Tengo una duda sobre el orden correcto despues de utilizar außerdem y luego "und". Se supone que tengo que dar una explicacion de por qué me gusta escuchar musica y leer.

Esta bien asi?

Meine Eltern und mein Bruder mögen lesen, außerdem haben sie mir viele Bücher geschenkt und _hört meine Mutter immer Musik_.

o asi?

Meine Eltern und mein Bruder mögen lesen, außerdem haben sie mir viele Bücher geschenkt und _meine Mutter hört immer Musik._

Segun me acuerdo, si tengo ahi "außerdem"  aunque despues añada otra oración, irremediablemente tengo que poner el verbo en posicion 2, pero si son diferentes sujetos tambien aplica esta regla??

Gracias!


----------



## Sowka

Hola Blixa 

En tu frase, la palabra "und" introduce una oración completa independiente: "meine Mutter hört immer Musik". Por eso, tu segunda versión, con el ordén del la oración principal, es correcta.

EDIT: Así, tu frase 2 es correcta, pero en alemán no se diría "sie mögen lesen" (es posible, pero es infrecuente). La forma más común es: "Sie lesen gern".

(Una pequeña nota: Siempre es preferible poner la frase en español  también para que conozcamos el sentido exacto de la frase. También hay  que poner todas las tildes para que los estudiantes del idioma español (yo, por ejemplo ) podamos aprender las palabras correctas. Muchas gracias! ).


----------



## kunvla

Hola: Tu oración no me acaba de sonar natural, yo diría _Meine Eltern und mein Bruder lesen gern, sie haben mir auch viele Bücher geschenkt, außedem hört meine Mutter öfters Musik_ (con _immer_ no le quedaría tiempo para leer libros, ¿no?)

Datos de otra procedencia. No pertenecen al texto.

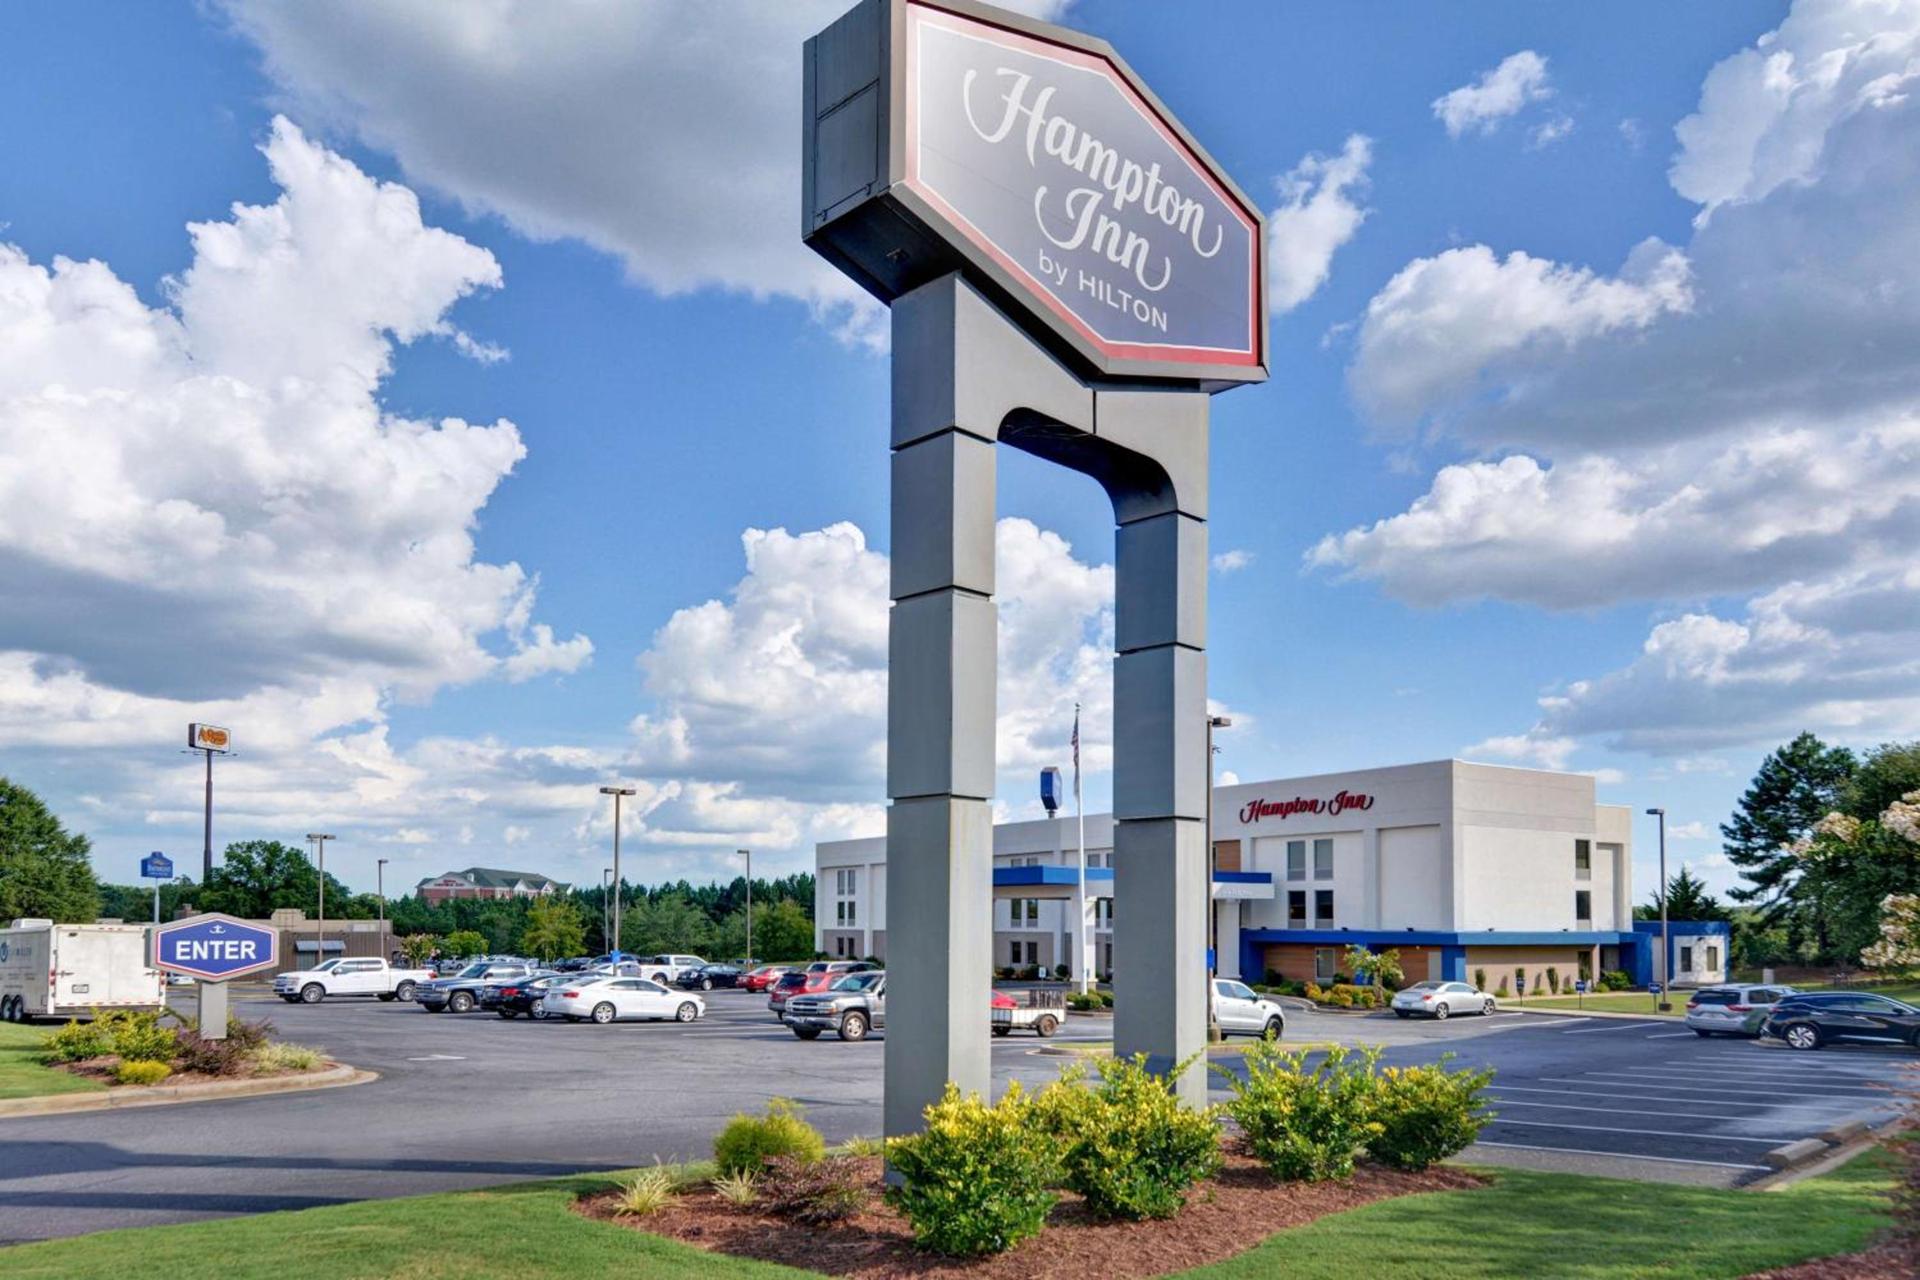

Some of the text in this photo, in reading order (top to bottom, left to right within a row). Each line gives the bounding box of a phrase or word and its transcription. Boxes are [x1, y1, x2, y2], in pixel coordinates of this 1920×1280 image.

[963, 67, 1222, 258] Hampton
[1035, 185, 1171, 291] Inn
[1039, 249, 1167, 332] by HILTON
[1239, 790, 1374, 824] Hampton Inn
[175, 940, 256, 960] ENTER

Además, estoy acuerdo con lo que ha dicho Sowka, no sabemos la frase en español.

Saludos,


----------



## Blixa

Hola!

El problema comenzó porque en los apuntes que tengo dice que los "Konnektoren" tipo deshalb, also, daher, dann, trotzdem, sons, darum, außerdem, darum llevan siempre el verbo en posición 2  y luego el sujeto-pos3, pero si después quiero utilizar "und" y el sujeto es diferente, debo respetar el orden sujeto-pos1, verbo-pos2, etc?

Por ejemplo, si pusiera:


Meine Eltern und mein Bruder lesen gern, außerdem haben sie mir viele Bücher geschenkt und _ hören immer  (fue figurado, pero puede ser "__öfters"__)  Musik_.

o

Meine Eltern und mein Bruder lesen gern, außerdem haben sie mir viele Bücher geschenkt und  sie _hören __öfters__ Musik_.

Según yo, en este caso la opcion 1 es la correcta, porque si son los mismos "sujetos".

Entendi bien o de plano estoy reprobada? 

OK, trataré de utilizar más los botones que tiene el foro para los acentos, en word me funciona bien el ASCII, pero aqui no, no sé por qué y a veces se me olvida ponerlos, sorry.


Sobre la frase en español, no sé, no es una traducción tal cual pues era la contestación de por qué escucho música y leo, (debía utilizar el conector "außerdem" en la respuesta y entonces puse algo tipo "A mis papas y a mi hermano les gusta leer, además me regalaron muchos libros y mi mamá siempre escucha música" 

Muchas Gracias por sus correcciones


----------



## kunvla

Hola:

La oración en cuestión la escribiría de esta manera:

Meine Eltern und mein Bruder _lesen gern_, außerdem haben sie mir viele Bücher geschenkt*,* und  sie _hören_ auch gern / viel Musik.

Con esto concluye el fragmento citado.